But that's the thing with so many of the worst kinds of criminals. They don't wear signs, they don't don a uniform. They're hiding in plain sight. It's my job to reveal Luke for what he truly is, which will reveal the man we're really after—his uncle.

But how?

Women. Dogs. Cars. Three things that seem to grab Luke's attention.

I'm an attractive, smart, confident woman—you have to be both smart and confident in a job like mine or you could end up dead—so I have that going for me. You also have to be a little crazy, but I hide that well. Maybe the issue isn't me; maybe it's the surroundings.

I need to find a better place to meet. A place he can't possibly miss me.

Yes.

I hit “one” on my phone's speed dial. Warner picks up almost immediately.

“Hey, I think I have an idea.” I smile. “But it involves messing around with that beautiful car of mine.”

Chapter 3

■ ■ ■

LUKE

“Why the hell did R&S just drop a '78 Corvette in our parking lot?” Miller hollers, bounding through the office door like a grizzly bear about to attack.

“Because I asked them to.” R&S, the auto body shop we refer all of our clients to, finished with the car early and offered to bring it here for no charge. I wasn't going to say no to that.

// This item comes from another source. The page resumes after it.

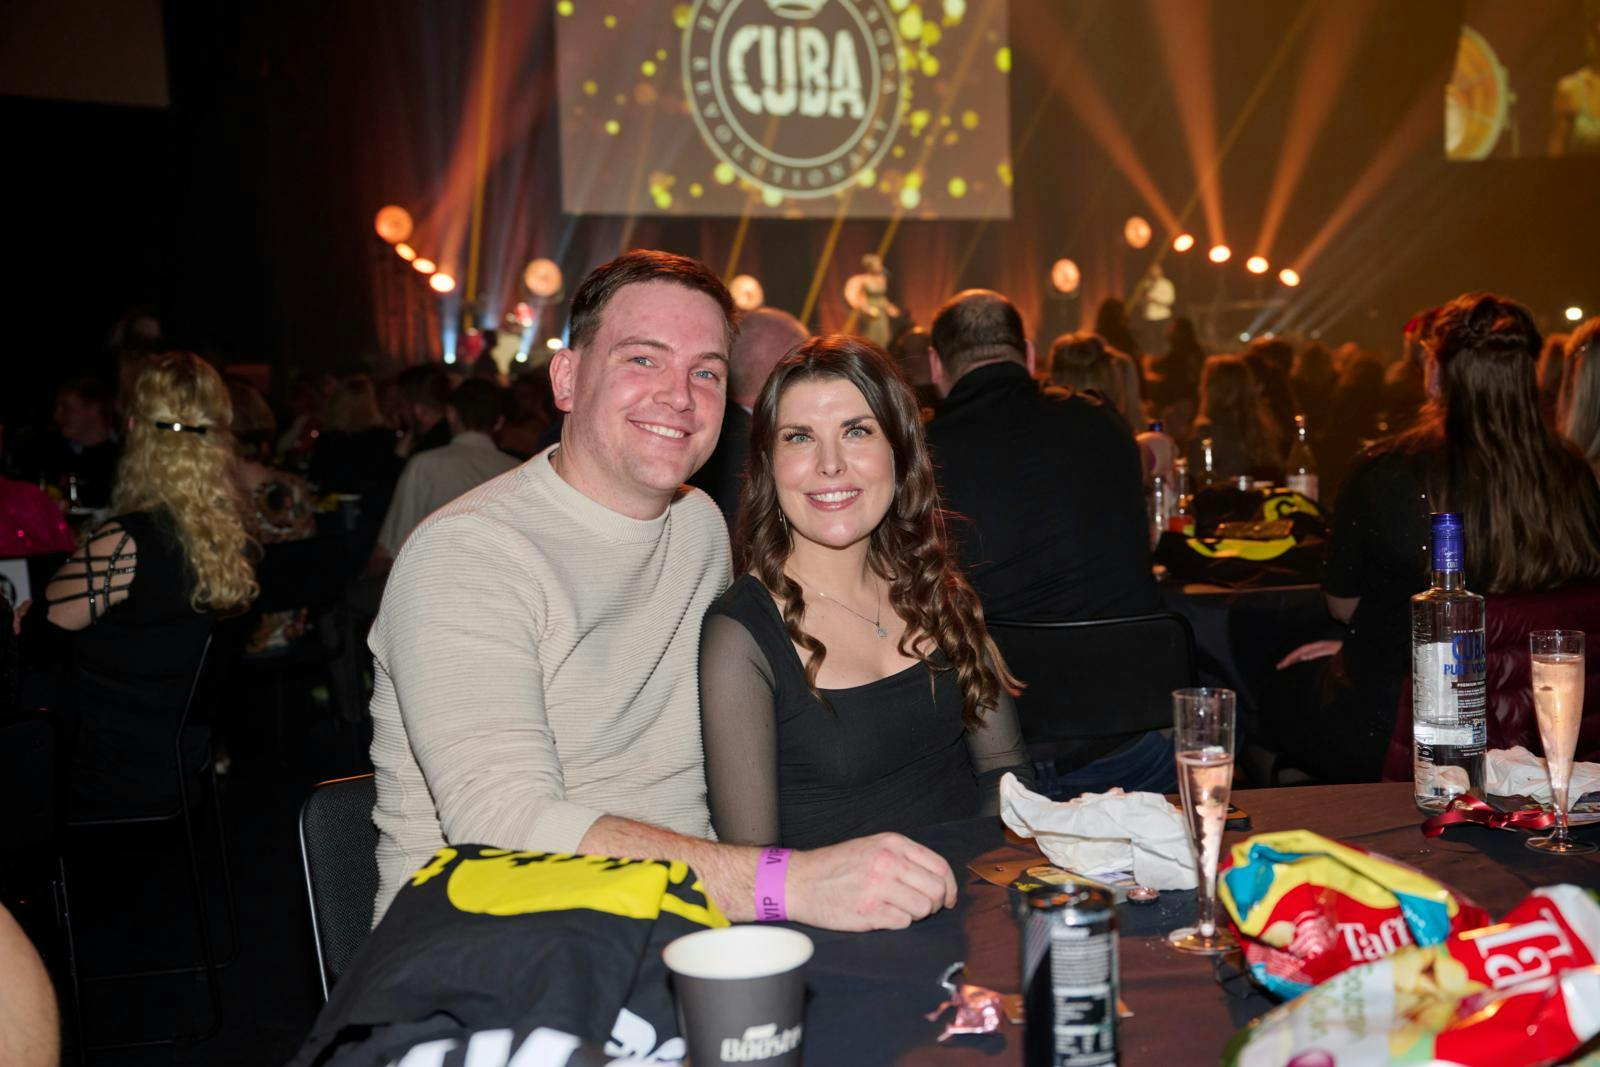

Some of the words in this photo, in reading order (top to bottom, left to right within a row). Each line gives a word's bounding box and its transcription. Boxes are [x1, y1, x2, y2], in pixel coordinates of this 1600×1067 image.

[726, 24, 867, 120] CUBA
[1443, 663, 1470, 676] PURE
[762, 896, 781, 920] VIP
[1336, 914, 1411, 962] Taff

“Last I checked, we don't run a storage lot.”

As much as I want to match his angry tone, I temper mine with a smile, knowing my lax attitude will get under Miller's skin more. “I forgot to tell you: I'm expanding our business.”

“Oh
really
 . . . And does Rust know about this?”

“He knows what he needs to know.” I pause. “Relax. I'll have it off the lot by the end of the day.”

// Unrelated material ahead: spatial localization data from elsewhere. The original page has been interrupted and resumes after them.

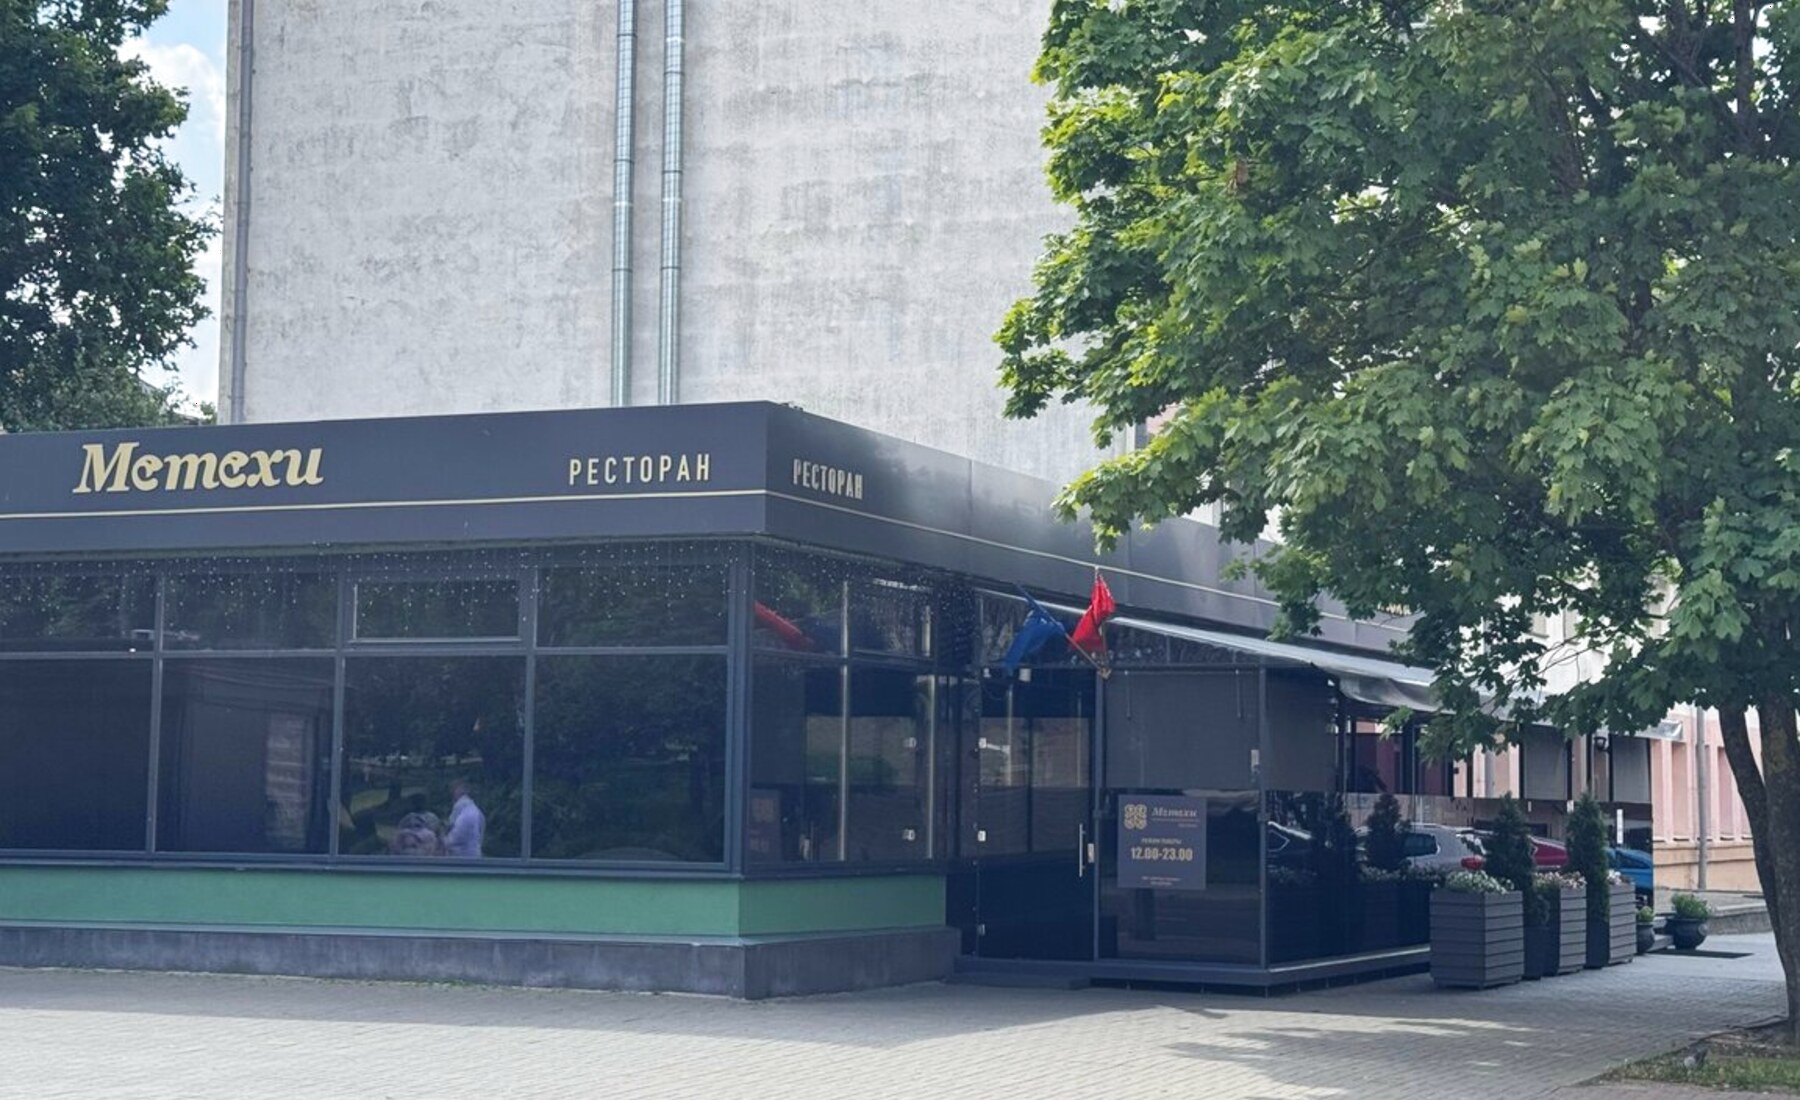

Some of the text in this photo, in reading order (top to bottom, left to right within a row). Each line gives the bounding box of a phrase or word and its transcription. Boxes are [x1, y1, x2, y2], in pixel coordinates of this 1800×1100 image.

[72, 442, 325, 494] Метехи
[568, 453, 711, 486] РЕСТОРАН
[792, 458, 864, 500] РЕСТОРАН
[1130, 847, 1193, 861] 12.00-23.00
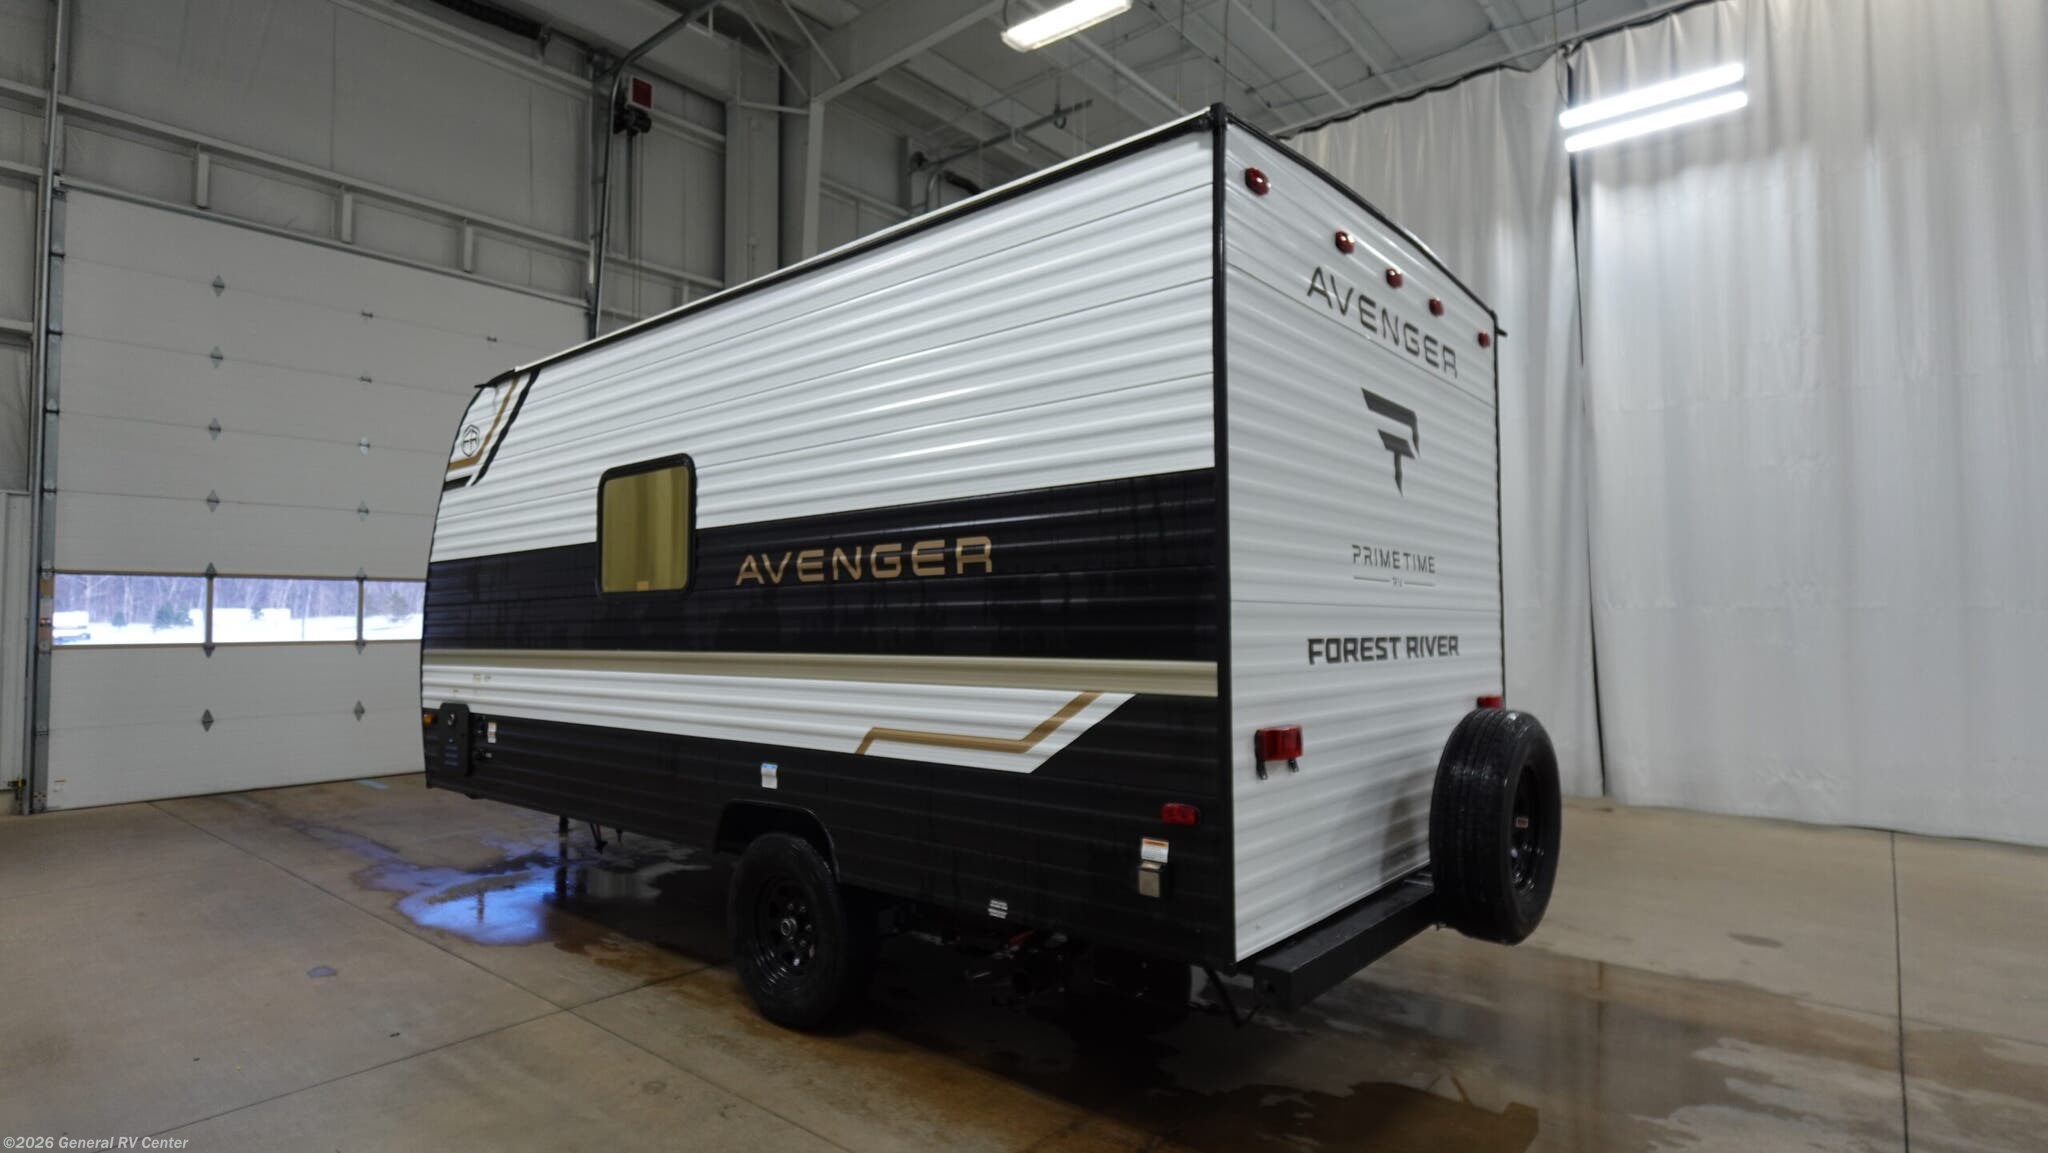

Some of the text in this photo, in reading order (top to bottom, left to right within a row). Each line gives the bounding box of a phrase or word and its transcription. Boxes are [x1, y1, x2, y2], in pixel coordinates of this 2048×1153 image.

[1307, 266, 1458, 379] AVENGER
[736, 535, 992, 586] AVENGER
[1307, 635, 1460, 665] FOREST RIVER

I get Miller's signature nose flare in return, and then his voice drops to a low hiss. “Rust has been very clear about that coming to this doorstep. This garage runs one hundred and ten percent clean. You need to get it off this property
now
or your uncle will have your head.”

Miller seems to have jumped to the conclusion that I'm into something below board. Quite presumptuous of him. I could save him all this stress and just tell him the truth—that the car is a legal side project I've been working on with my friend Jesse for some extra cash.

Cash that I can say
I've
earned.

I'm more curious about what Miller knows of Rust's “other” business. Is it more than I do? I know so little that it wouldn't be hard. But it pisses me off to no end that this fucking asshole might know something that I don't.

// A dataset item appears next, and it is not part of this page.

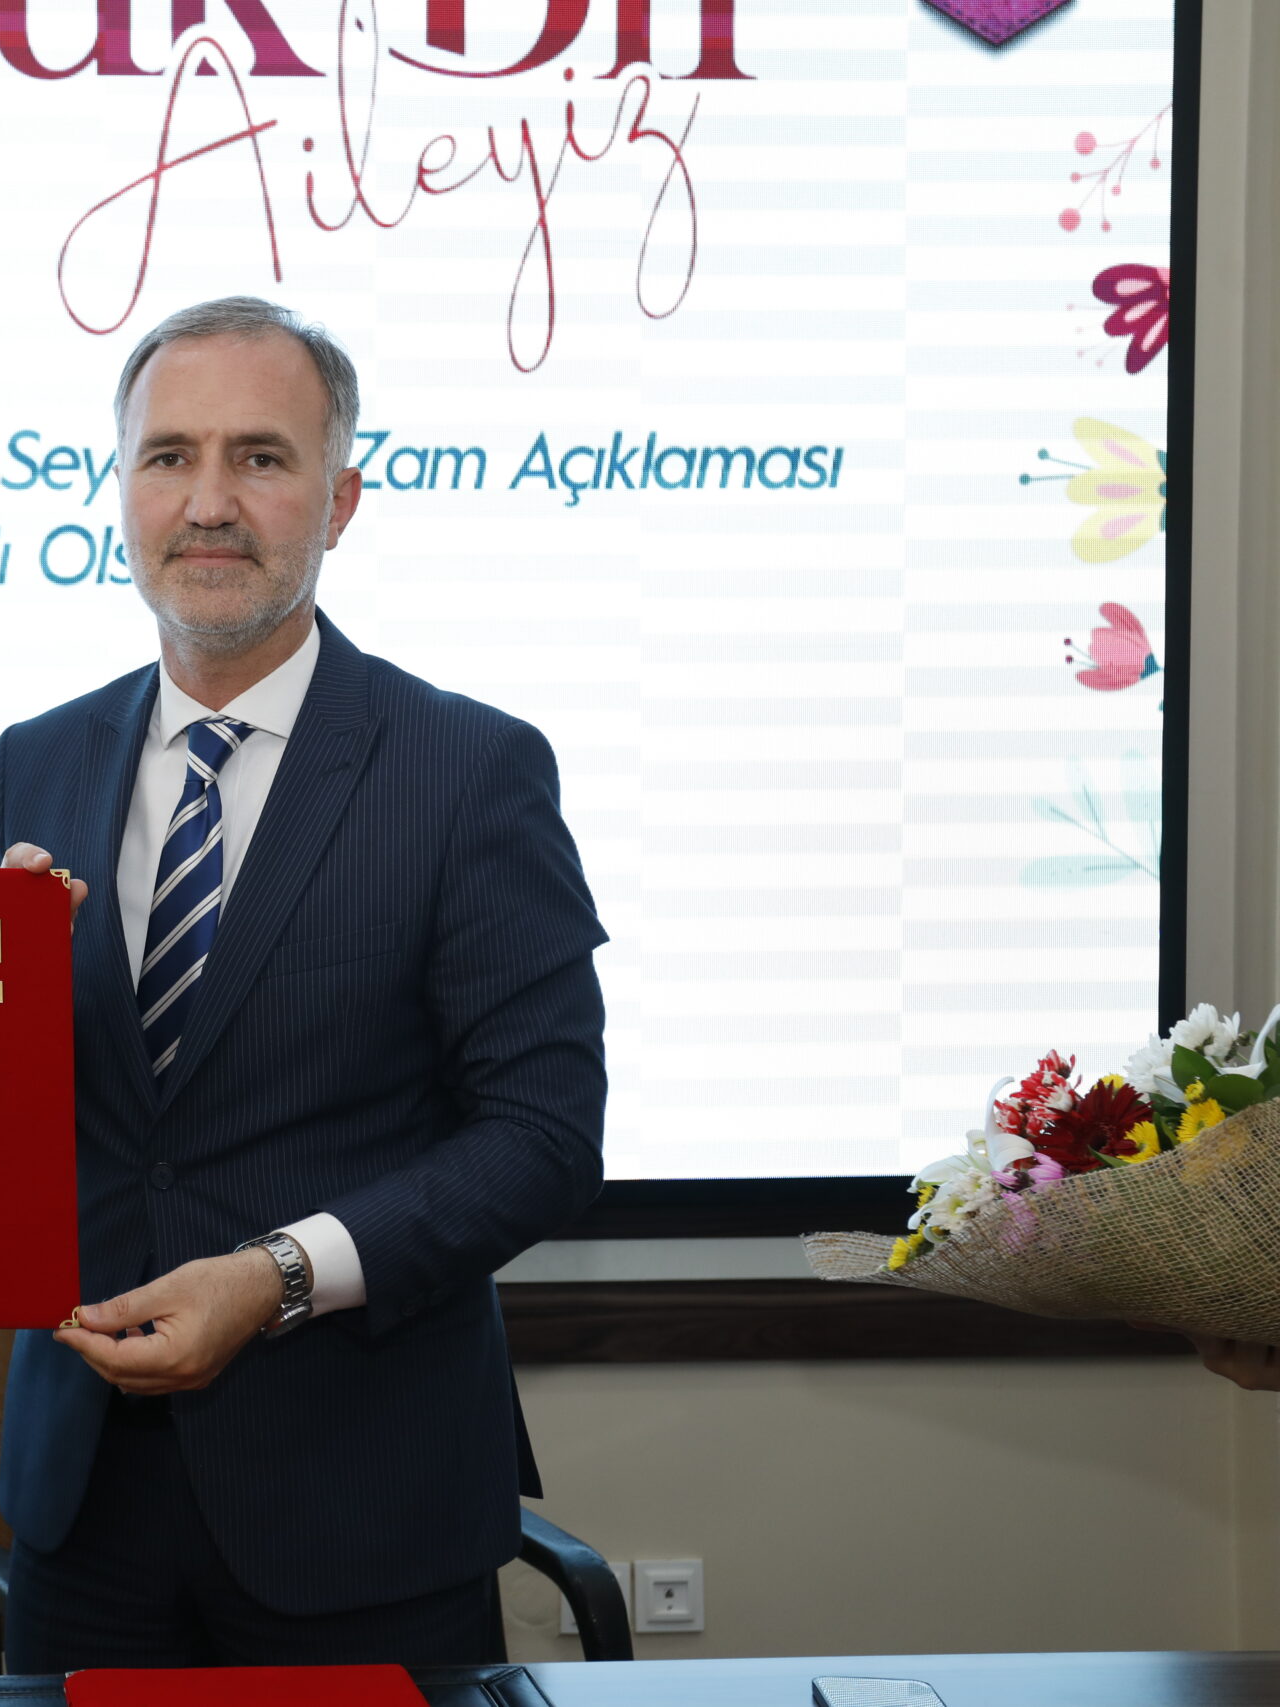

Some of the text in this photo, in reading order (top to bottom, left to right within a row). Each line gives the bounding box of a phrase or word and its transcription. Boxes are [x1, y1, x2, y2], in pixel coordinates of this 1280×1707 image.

[58, 0, 701, 373] Aileyiz
[354, 430, 487, 491] Zam
[508, 430, 842, 507] Açıklaması
[39, 524, 134, 586] Ols

I lock my hands behind my head and grin. “Nope. I don't think I will.”

Miller doesn't waste another second, charging for the phone. He lifts the old-school receiver up and points it toward me in warning. “Don't make me call Rust down here.”

I shrug. “It's almost lunch. I wouldn't mind grabbing a bite with him.”

A sneer curls his lips as he punches the keys with his fat index finger. I don't even bother to hide my eye roll as he glares at me, earpiece jammed against the side of his head. “Rust, Miller . . . you need to get down here . . . It's urgent . . . About what?” He shoots another scowl at me. “Your nephew, that's what . . .'kay.” He slams down the receiver.

“Anyone ever tell you that you have anger-management issues?” It thrills me to no end that I can actually say that now. For the year that I was working in the garage, Miller rode my back every day, making my life hell. Now that Rust has moved me inside, making my future position as manager and eventual owner of this garage all the more obvious, Miller can't get away with the same crap. But he still tries.

“I'm actually going to enjoy watching him hand your ass to you.”

“What is it exactly that you have against me, Miller? Is it that I'm younger? Better looking? Smarter?”

“Have you ever actually worked a day in your life?” he snaps back.

I pretend I don't notice that the tension in the office has grown to choking proportions as I sort through invoices and answer customer calls, ignoring him. When I spot Rust's navy Porsche Cayenne pull up outside the window twenty minutes later, I throw a lazy salute and stroll past Miller, glad to get away from him.

I find Rust standing with Tabbs and Zeke, two of his longest-standing mechanics here, hovering over the classic, his fingers sliding across the killer paint job that R&S completed for me.

“Hot damn, Nurse Boone!” Tabbs bellows, using the stupid nickname they slapped me with one week into working here. “This for you?”

I fish the keys out of my pocket. “Why? You wanna buy it?” One turn of the key has the engine purring low and steady. Not loud enough to drown out the bell that announces Miller barreling out the door. With groans, Tabbs and Zeke head back to their respective work to avoid his wrath.

“Is this what that loan was for?” Rust slides his sunglasses off to level me with bright blue eyes that match mine.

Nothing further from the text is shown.